Special Report

19 Amphibious Assaults That Changed the Course of History

Source: FPG / Archive Photos via Getty Images

16. Iwo Jima, Japan
> Date(s): Feb. 19, 1945
> Conflict: WWII
> Landing force: 110,000
> Invaders: United States
> Defenders: Japan

By 1945, the momentum of the U.S. involvement in World War II had shifted to the Pacific, marked by two massive operations during America’s maritime march to Japan: Iwo Jima and Okinawa. Both were hard-won, massive amphibious assaults against deeply entrenched and hardened Japanese troops as well as kamikaze aircraft that targeted U.S. Navy ships that provided support.

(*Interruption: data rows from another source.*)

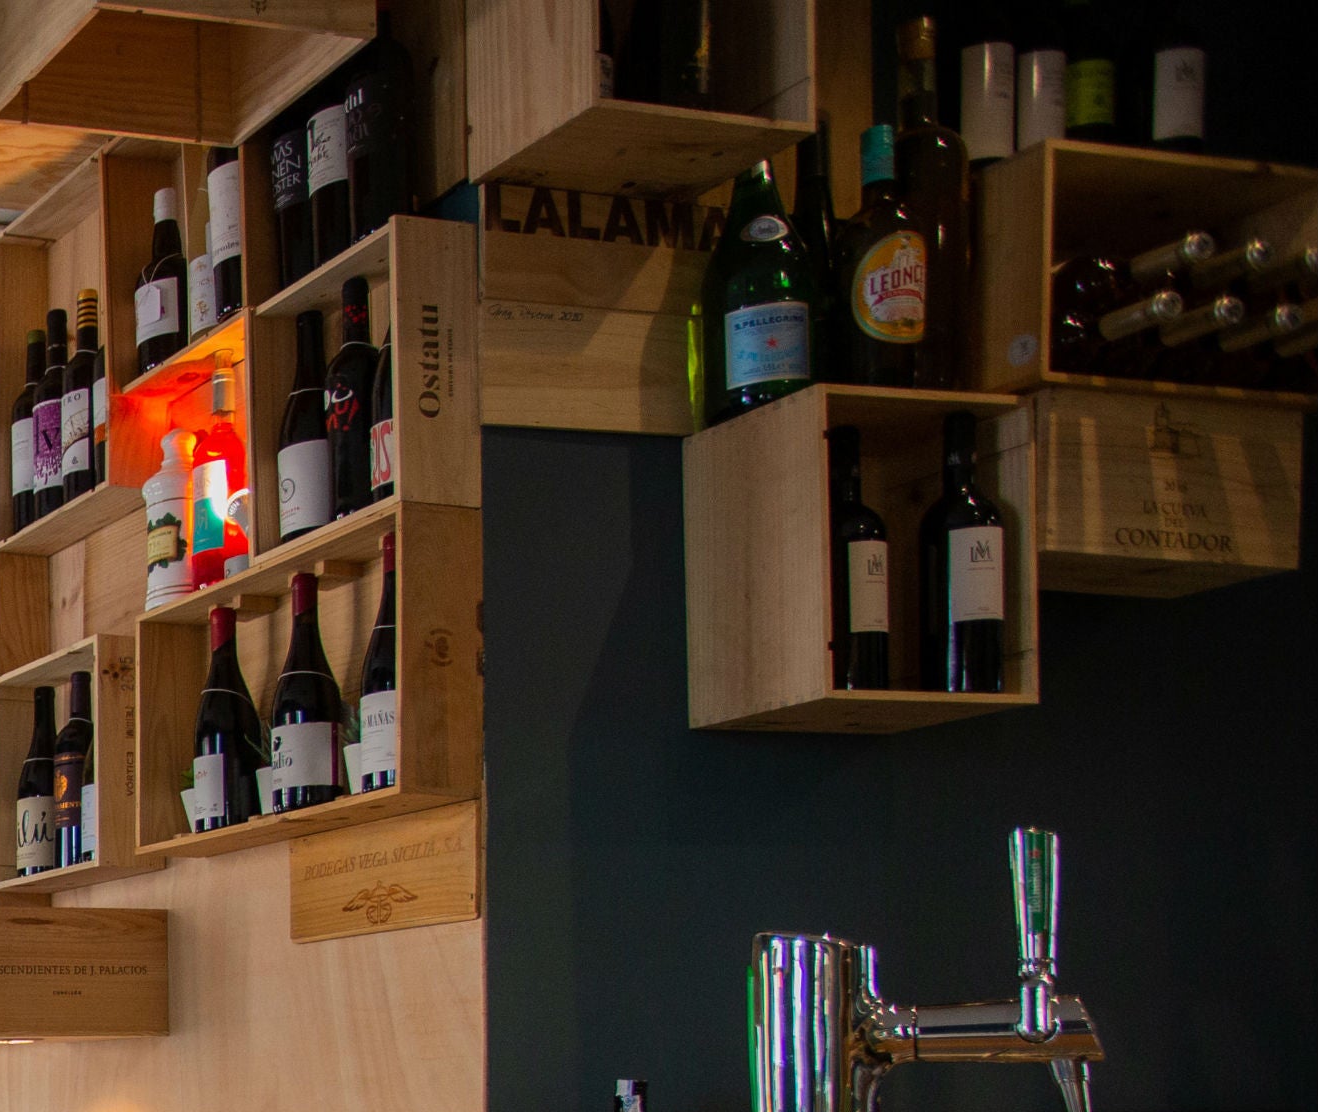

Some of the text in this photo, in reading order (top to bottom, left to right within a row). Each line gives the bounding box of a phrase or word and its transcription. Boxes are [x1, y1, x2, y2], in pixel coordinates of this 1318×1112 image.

[416, 303, 441, 419] Ostatu
[1115, 527, 1233, 552] CONTADOR
[304, 856, 357, 881] BODEGAS
[358, 852, 388, 870] VEGA
[73, 965, 87, 975] DE
[98, 965, 148, 976] PALACIOS
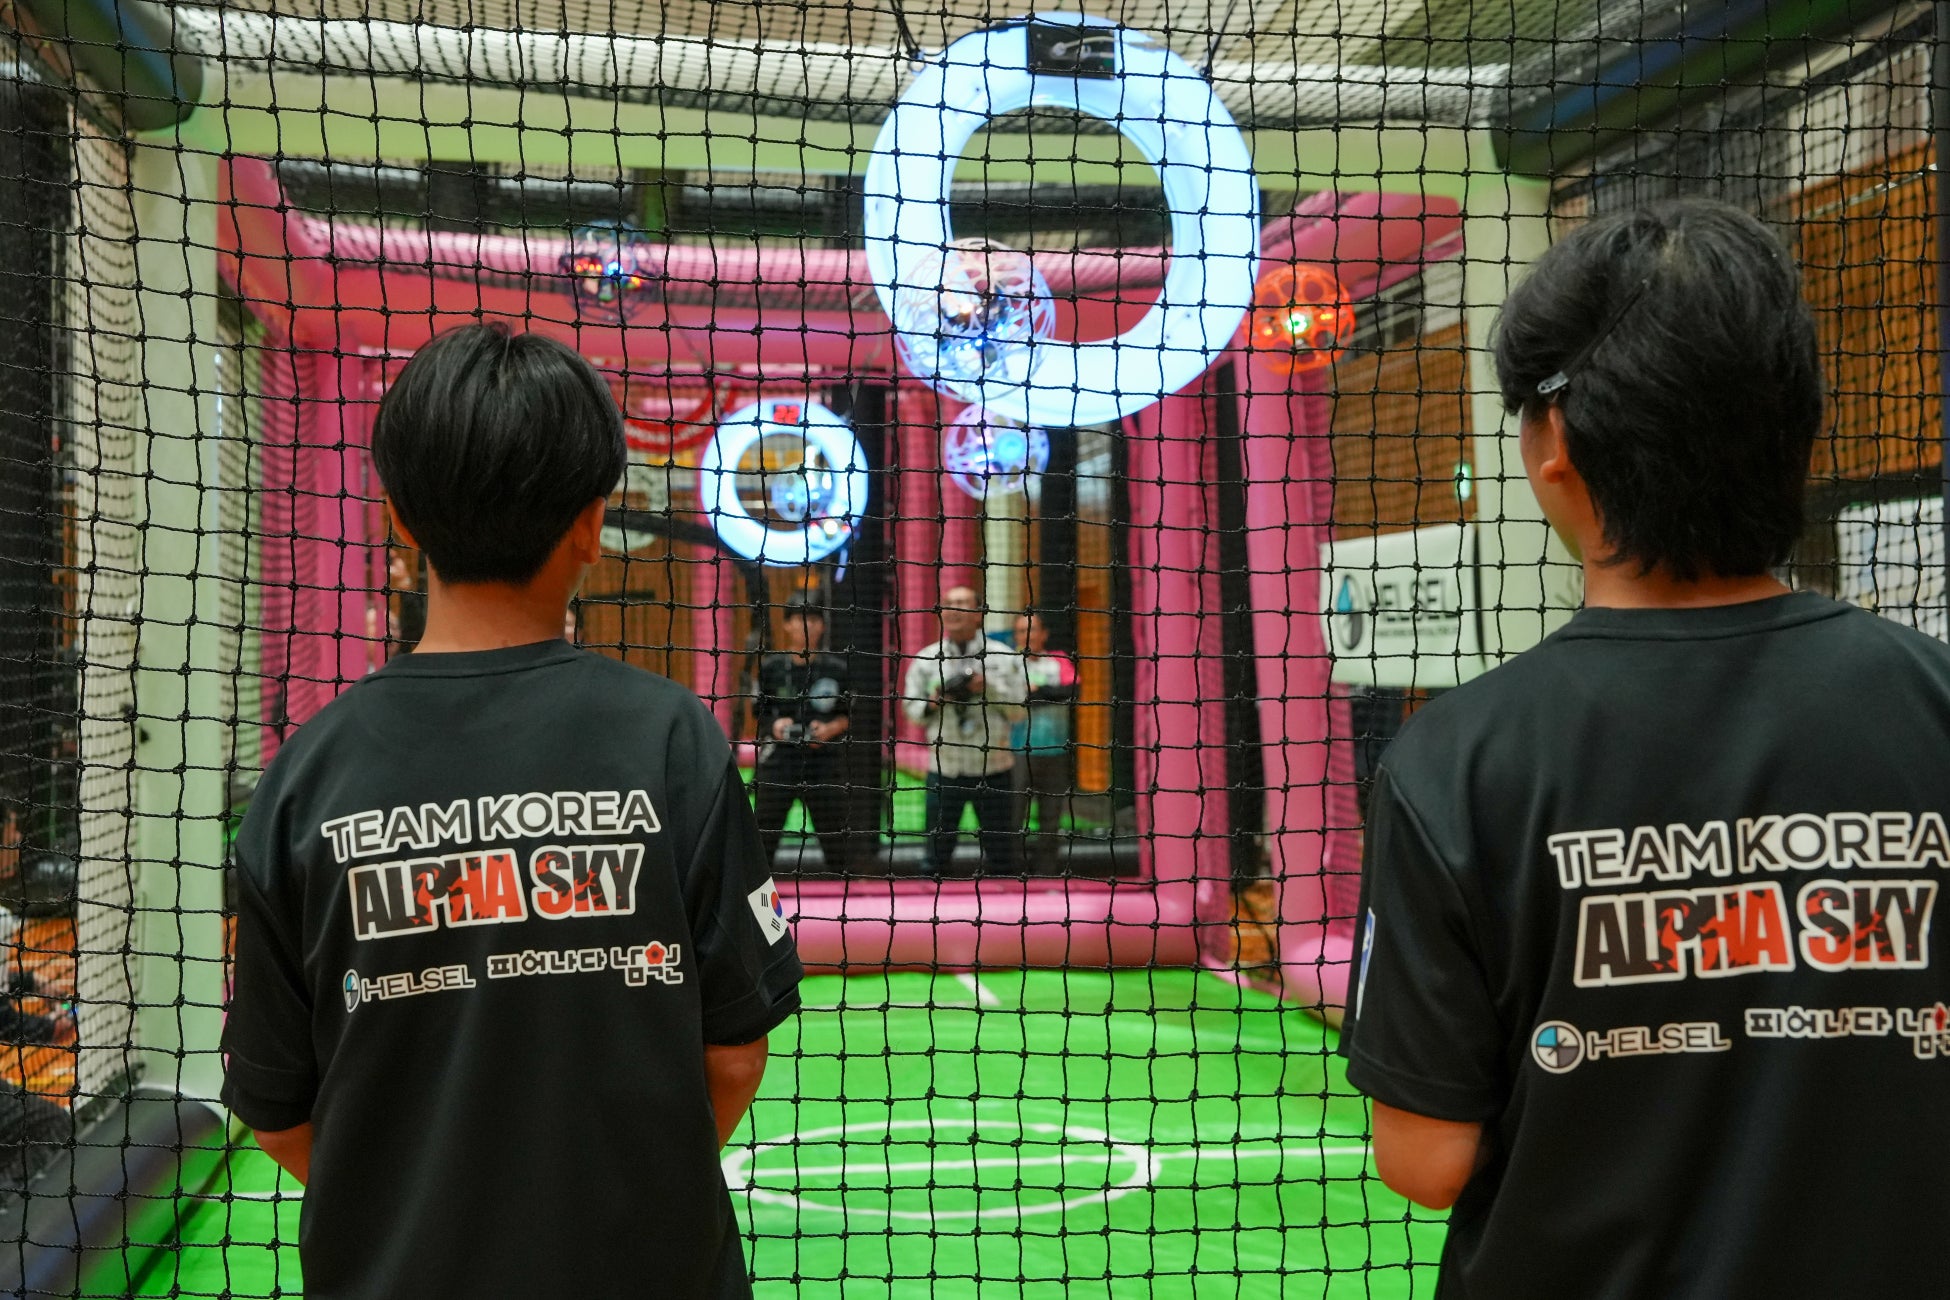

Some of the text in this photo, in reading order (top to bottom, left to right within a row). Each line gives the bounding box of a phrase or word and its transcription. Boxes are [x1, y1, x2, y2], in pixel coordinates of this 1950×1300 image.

[322, 791, 660, 863] TEAM KOREA
[1548, 813, 1950, 888] TEAM KOREA
[349, 844, 644, 940] ALPHA SKY
[1575, 879, 1937, 986] ALPHA SKY
[362, 966, 475, 1001] HELSEL
[488, 949, 606, 978] 피어나다
[1587, 1023, 1730, 1059] HELSEL
[1746, 1007, 1892, 1037] 피어나다
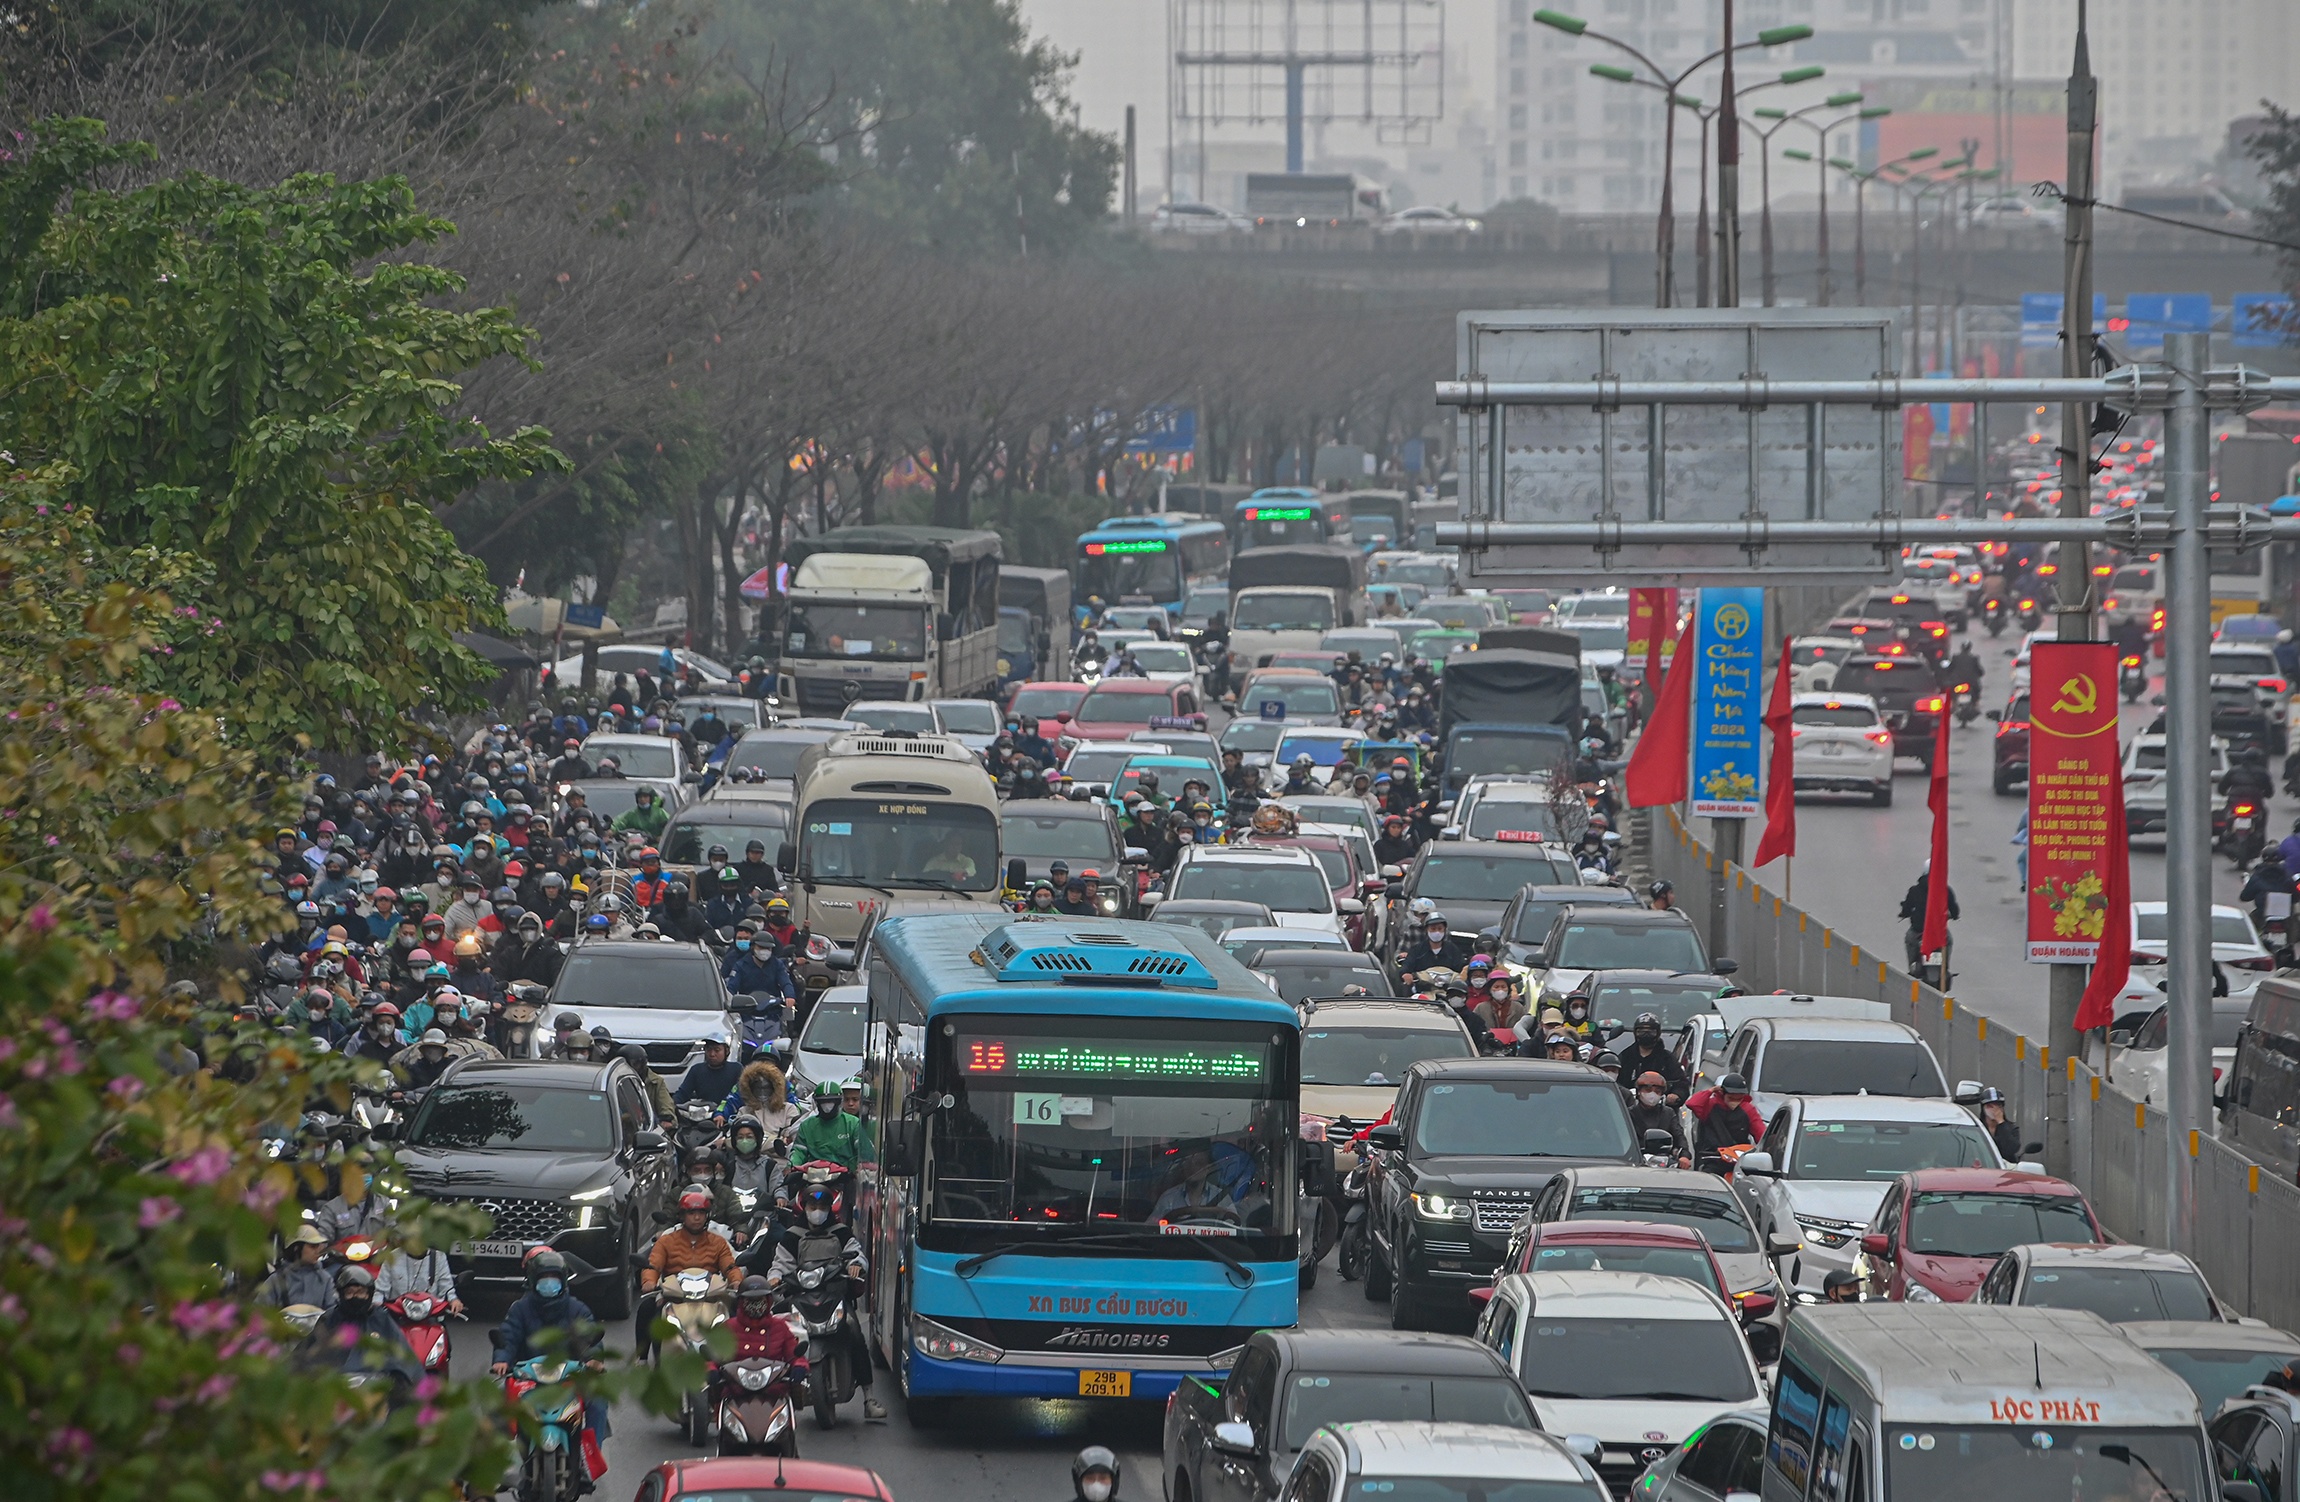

Over 36 days of horrendous combat at Iwo Jima, Marine and Navy personnel sustained more than 24,000 casualties, the highest losses in any single action in the history of the U.S. Marine Corps.

Source: Public Domain / Wikimedia Commons

17. Okinawa, Japan
> Date(s): April 1, 1945
> Conflict: WWII
> Landing force: 60,000
> Invaders: United States and allies
> Defenders: Japan

Operation Iceberg, as it is known, was the last major amphibious assault of World War II, taking place less than three months before the nuclear bombings of Hiroshima and Nagasaki that expedited the Japanese surrender. After a pre-invasion bombardment by U.S. Navy warships, tens of thousands of U.S. Army and Marine Corps soldiers landed under intense fire at Okinawa and other nearby islands. Some 12,500 U.S. troops were killed and about 36,500 were wounded securing Okinawa in fighting that raged for nearly three months.

Source: Public Domain / Wikimedia Commons

18. Incheon, South Korea
> Date(s): Sept. 15-19, 1950
> Conflict: Korean War
> Landing force: 70,000
> Invaders: South Korea, United Nations, United States and allies
> Defenders: North Korea

Operation Chromite was the most significant amphibious assault of the Korean War. It took place at Incheon, a port city 110 miles behind enemy lines in what is today a South Korean city bordering the capital city of Seoul to the west. At the time, Seoul was occupied by North Korean troops. U.S. Gen. Douglas MacArthur’s plan was to use Incheon as a staging ground for liberating Seoul.

Aided by carrier-based warplanes, destroyers, and cruisers, American-led U.N. forces took the port in a decisive victory that would mark the start of the allied offensive into North Korea. The war ended with an armistice in July 1953, but ongoing tensions between the two Koreas remains to this day.

Source: Public Domain / Wikimedia Commons

19. Al-Faw Peninsula, Iraq
> Date(s): Feb. 9-25, 1986
> Conflict: Iran-Iraq War
> Landing force: 150,000
> Invaders: Iran
> Defenders: Iraq

Iran and Iraq had already been fighting for more than five years when Iran deployed Revolutionary Guard commandos trained in amphibious warfare to take Al-Faw Peninsula, Iraq’s only direct access to the Persian Gulf. The occupation of the peninsula would also threaten the city of Basra. Iranian soldiers used speedboats to cross marshland and rivers to occupy Iraqi land for the first time in the war. What ensued was brutal fighting that included Iraq’s use of chemical weapons. In April, Iraq took back the peninsula, but the war would rage on for another 28 months before ending in a stalemate.